Friday, September 07, 2007

writing from 2004

Dug this up from some of my random, fun writings a few years ago...

The need to wipe our bums is certainly nothing new. Though I know our contemporary diet is full of additives and alternatives that humans did not consume hundreds and thousands of years ago, I feel reasonably confident in assuming that my progenitors’ poop was not remarkably less messy than my own. And I feel reasonably confident in guessing that my solution—maple leaves—this morning when the need for a porcelain basin came inpropitiously while I was in the woods was not so different from what men and women must have chosen to use in centuries past.

A bit of research into the development of this remarkable modern convenience turns up the fact that the Koran dictates the use of the left hand for cleaning up afterwards. This is, of course, a rule that must seem barbaric by our “Western” standards of hyper-hygienic, anti-bacterial obsessiveness. No wonder, some might even say, that we consider Arabs so backwards and primitive; of course anyone who actually touches his own feces must be little better than an animal. And our civilization is obsessed with nothing so much as separating ourselves from animals—and anything that smacks of the natural world. How inconvenient then that we must be faced with the fact of our animal-ness whenever we sit down to take a crap.

But what is wrong with shells and corn cobs? Or my morning choice of the maple leaf?
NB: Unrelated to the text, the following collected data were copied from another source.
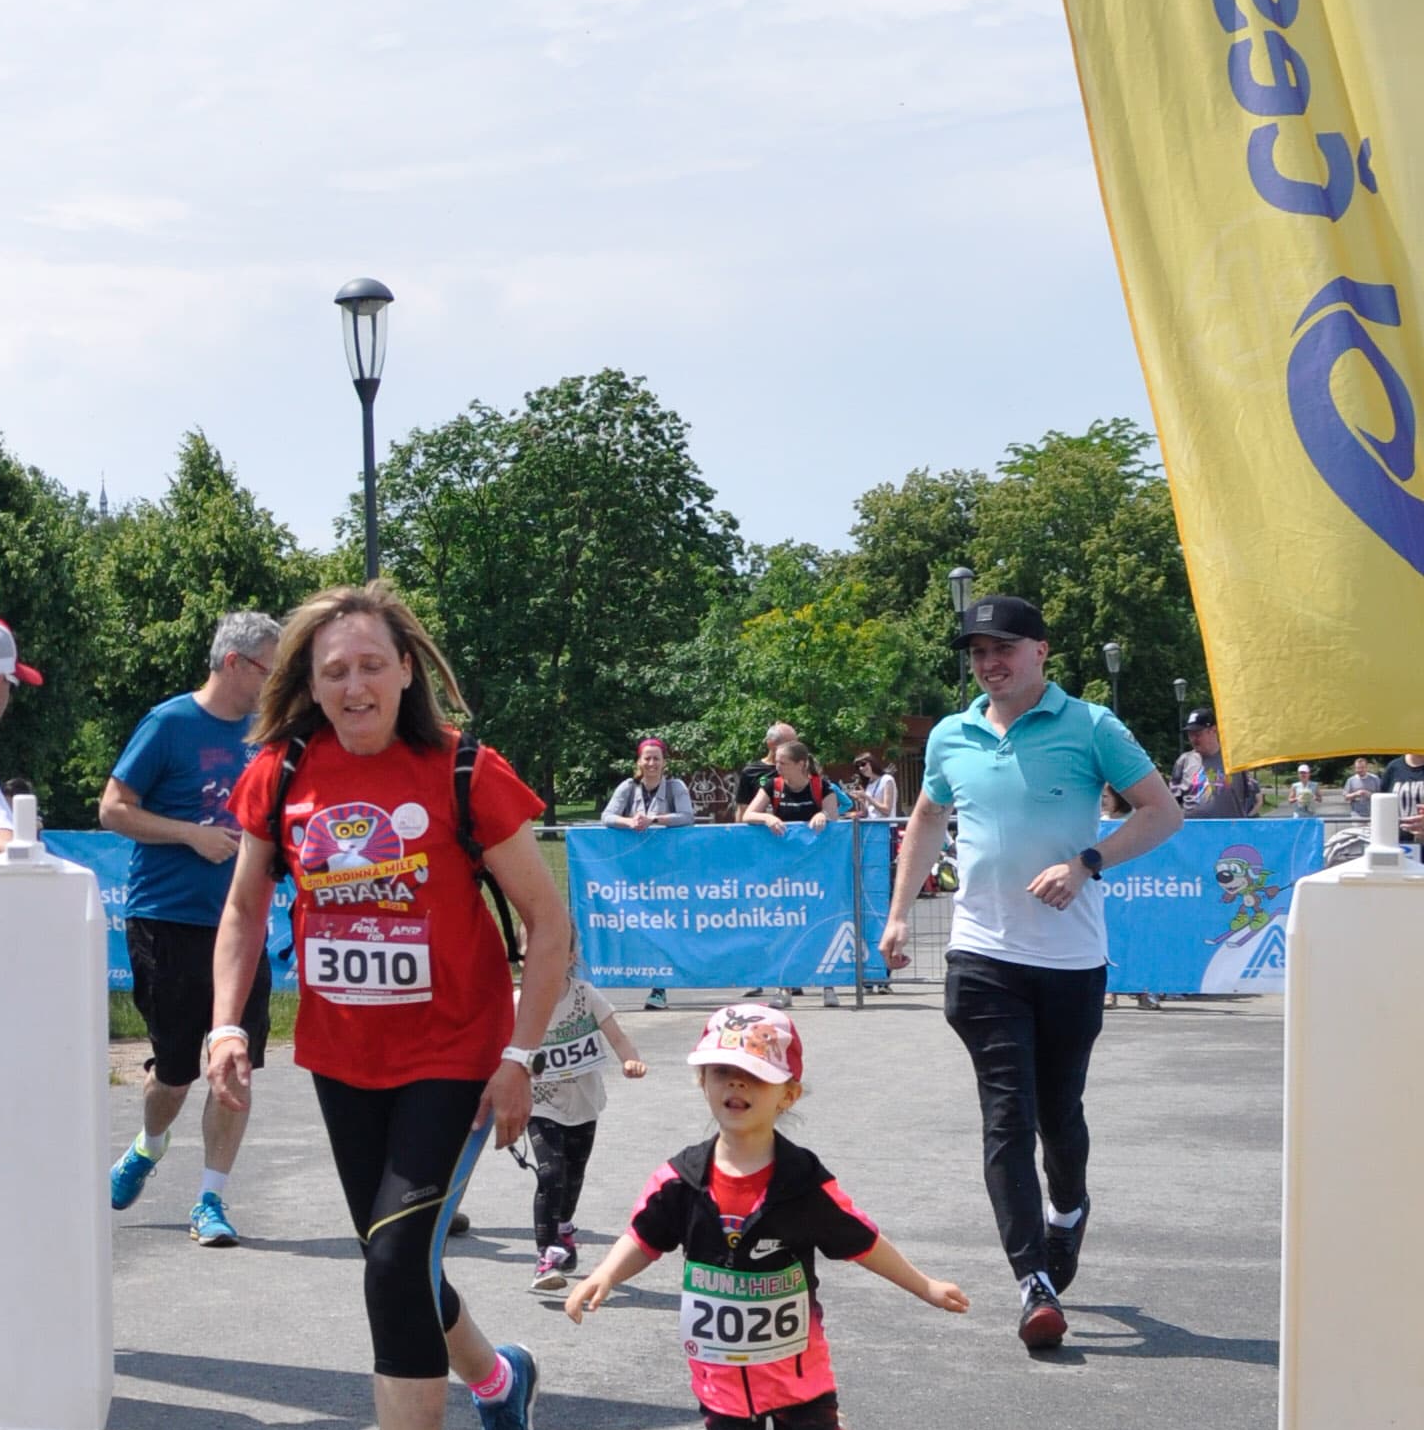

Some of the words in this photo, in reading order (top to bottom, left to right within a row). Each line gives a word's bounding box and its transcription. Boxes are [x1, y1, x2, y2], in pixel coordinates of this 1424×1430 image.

[586, 880, 689, 904] Pojistíme
[695, 879, 739, 899] vaši
[745, 877, 825, 899] rodinu,
[588, 908, 677, 932] majetek
[682, 908, 690, 929] i
[696, 905, 807, 933] podnikání
[317, 947, 419, 986] 3010
[591, 966, 674, 979] www.pvzp.cz
[691, 1267, 735, 1294] RUN
[749, 1269, 802, 1297] HELP
[691, 1300, 800, 1343] 2026
Why supplant these with hundreds of feet of rolled, quilted, double and triple ply, bleached paper? Certainly the coastal dwellers in Hawai’i and elsewhere who have relied on mussel and scallop shells learned which shells were most efficient and felt the best on their tender-skinned bottoms. Consider this picture: a woman picking along the beach for the perfect shells for her family to use in cleaning themselves, the quilted scallop or the double-ply mussel or perhaps the rough efficiency of the clam, much as the vaunted shopping wife of contemporary culture wanders down the aisle of the grocery store deciding which package of twenty-four rolls will best serve her family’s needs. Yet the “Indian”—for isn’t every brown-skinned person of non-Western descent still an Indian (read “savage”) still?—chooses the item that can be washed after each use and reused, much like the Arab’s hand. I wonder, given our societal obsession with convenience and single-use items, whether our Pilgrim progenitors saw fit to reuse their corncobs, the mere mention of which makes me wonder if their stereotypical uptightness didn’t result from a continuous case of hemorrhoids.

But I am no better than that which I tease here. When traveling in Europe and Asia and South America before our mania for comfortable convenience began to spill inexorably over into other places, I often looked forward to returning to the States for at least this reason: my bum was sore from the use of the rough sheets that passed for toilet paper in those places. I wanted my quilted softness, my plys, my rolls that I could pull a whole wad off of for one single wipe, and then another roll, and another, until the bowl was filled with paper. It is certainly one way we can hold ourselves above other so-called civilized societies. Where they haven’t gotten beyond the 1880 introduction of toilet squares by the British Paper Corporation, we invented the roll in 1907. And life has only gotten softer and more convenient since. Never again will anyone have to rely on maple leaves, though I must admit: they were softer than your average roll of Scott tissue.